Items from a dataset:
::::
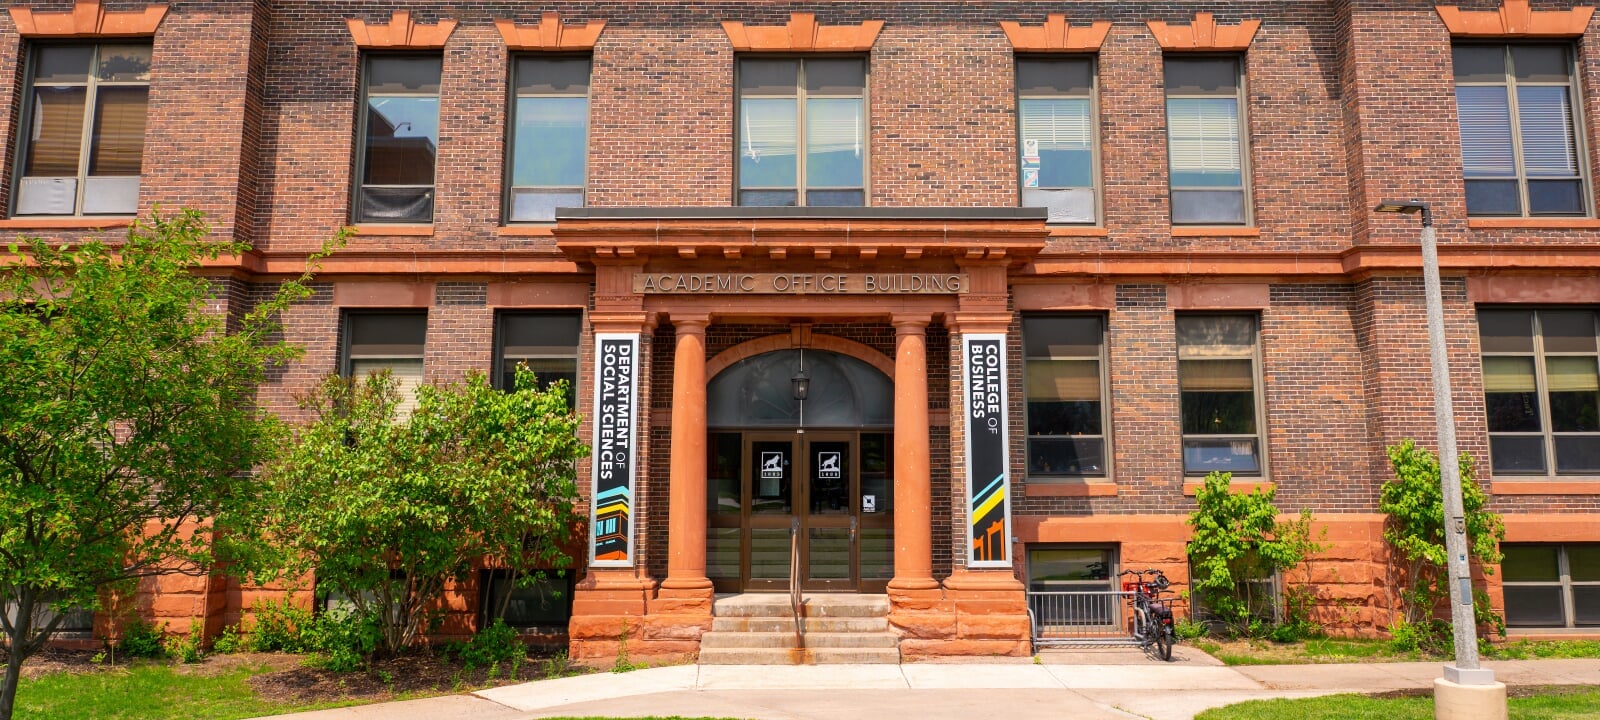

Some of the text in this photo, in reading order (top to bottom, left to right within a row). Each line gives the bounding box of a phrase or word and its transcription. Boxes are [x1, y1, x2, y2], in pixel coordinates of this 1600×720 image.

[643, 275, 961, 292] ACADEMIC OFFICE BUILDING
[601, 344, 616, 480] SOCIAL SCIENCES
[615, 344, 630, 469] DEPARTMENT OF
[971, 344, 985, 418] BUSINESS
[985, 344, 999, 435] COLLEGE OF
::::
● **Aim of the task**
Reproduce the complete set of records verbatim and omit the pictures.

● **Answer section**
Some of the text in this photo, in reading order (top to bottom, left to right within a row). Each line gives the bounding box of a phrase or word and its transcription. Boxes are [x1, y1, x2, y2], in pixel coordinates of this 1600×720 image.

[643, 275, 961, 292] ACADEMIC OFFICE BUILDING
[601, 344, 616, 480] SOCIAL SCIENCES
[615, 344, 630, 469] DEPARTMENT OF
[971, 344, 985, 418] BUSINESS
[985, 344, 999, 435] COLLEGE OF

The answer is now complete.